The optimization model was applied to Lumberton, North Carolina, which is subject to recurrent flooding, and its performance was tested. Two mitigation techniques were investigated in this case study. Firstly, building elevation was investigated using two elevationss, 1.5 and 3.0 m, as a long-term mitigation measure, and secondly, flood barriers were investigated as a short-term mitigation measure. It was demonstrated that long-term mitigation measures could help the community significantly reduce the expected economic losses. On the other hand, short-term mitigation measures for some buildings will not help reduce their losses due to the high flood depth in that region. According to this study, it is preferable to implement long-term building mitigation measures if the budget allows due to the high flood depth in most areas. Furthermore, this long-term mitigation will protect a structure from multiple natural disasters. The optimization approach can be expanded to use other mitigation techniques to efficiently reduce the total direct economic losses at the building and community levels. It is noted here that one of this study’s limitations is that the optimization model only has one objective function, which is minimizing the expected economic loss, despite the fact that it may be expanded to include several objective functions.
The current model does not consider community-level decisions prior to determining building-level mitigation strategies for individual building owners. The developed model can be extended so that the model addresses community-level decisions along with building-level mitigation measures. Additionally, some machine learning algorithms can help predict future mitigations at both the community and building levels.

Author Contributions

Conceptualization, H.S.G., A.D.G. and C.D.N.; Data curation, O.M.N. and J.W.v.d.L.; Formal analysis, H.S.G. and O.M.N.; Funding acquisition, A.D.G., C.D.N. and J.W.v.d.L.; Investigation, H.S.G., A.D.G., C.D.N. and J.W.v.d.L.; Methodology, H.S.G., A.D.G. and C.D.N.; Resources, J.W.v.d.L.; Software, H.S.G. and O.M.N.; Supervision, A.D.G.; Validation, O.M.N. and J.W.v.d.L.; Writing—original draft, H.S.G. and O.M.N.; Writing—review & editing, H.S.G., O.M.N., A.D.G., C.D.N. and J.W.v.d.L. All authors have read and agreed to the published version of the manuscript.

Funding

This research was partially funded by the National Institute of Standards and Technology (NIST) Center of Excellence for Risk-Based Community Resilience Planning through a cooperative agreement with Colorado State University [70NANB20H008 and 70NANB15H044]. This research was also partially funded by the National Science Foundation (NSF) through award 2052930. Article processing charge was partially provided by the University of Oklahoma Libraries’ Open Access Fund.
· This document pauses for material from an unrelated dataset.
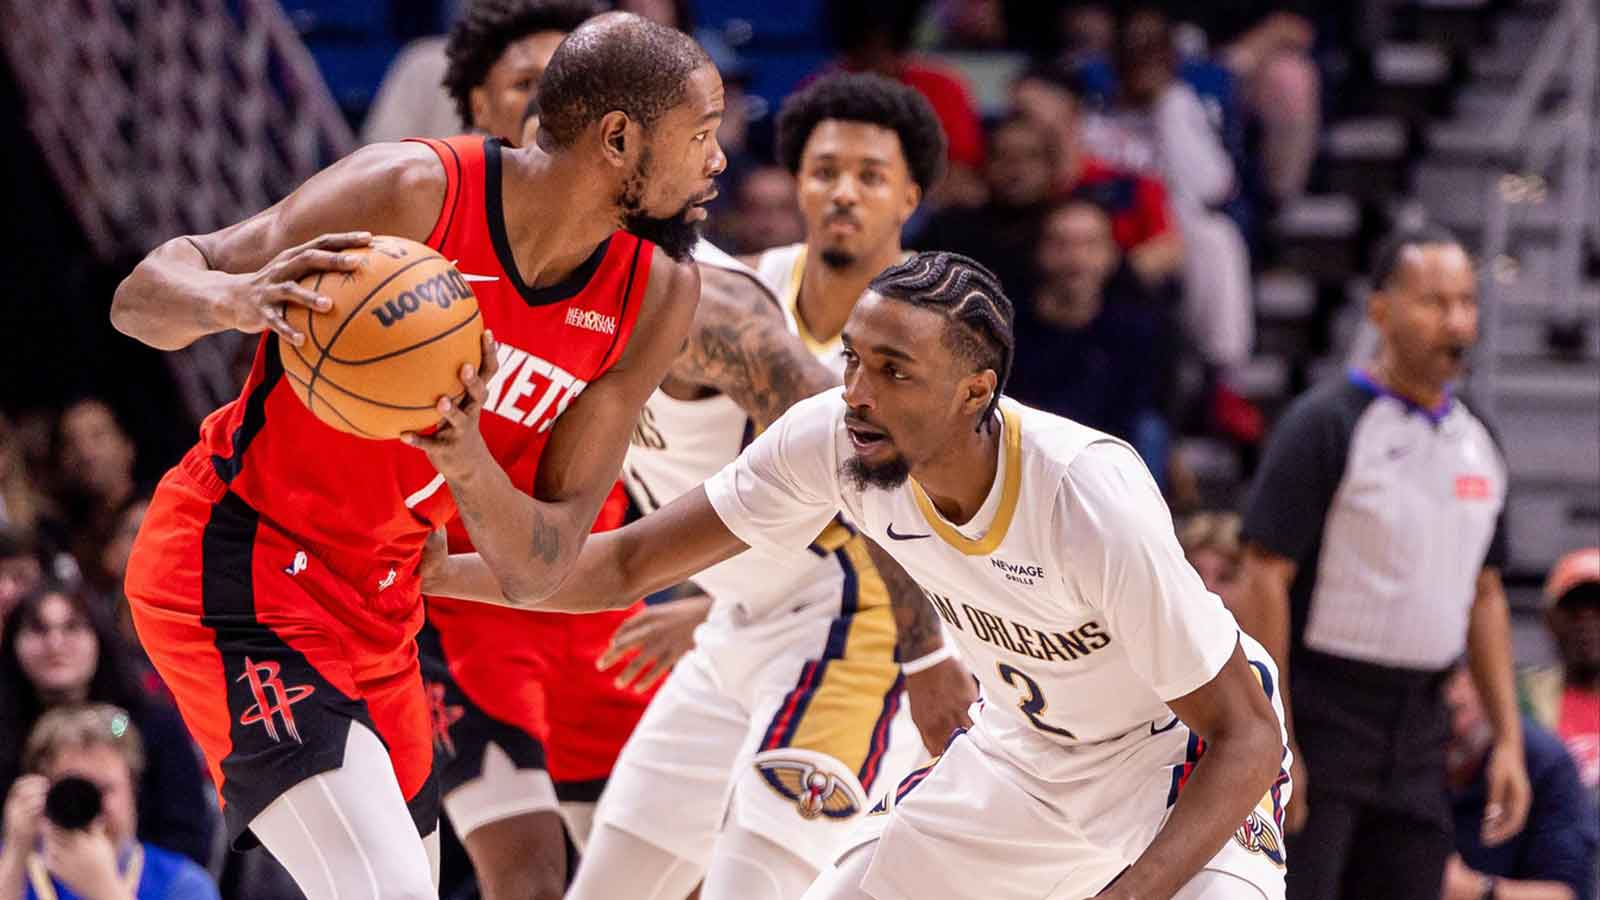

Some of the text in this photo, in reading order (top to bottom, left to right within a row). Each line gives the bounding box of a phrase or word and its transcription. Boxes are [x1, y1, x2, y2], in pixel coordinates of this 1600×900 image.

[481, 341, 587, 433] KETS
[962, 603, 1112, 662] ORLEANS
[995, 659, 1079, 741] 2
Institutional Review Board Statement

Not applicable.

Informed Consent Statement

Not applicable.

Data Availability Statement

The data presented in this study are available on request from the corresponding author.

Acknowledgments

The contents expressed in this paper are the views of the authors and do not necessarily represent the opinions or views of the National Institute of Standards and Technology (NIST) or the National Science Foundation (NSF) or University of Oklahoma (OU).

Conflicts of Interest

The authors declare no conflict of interest.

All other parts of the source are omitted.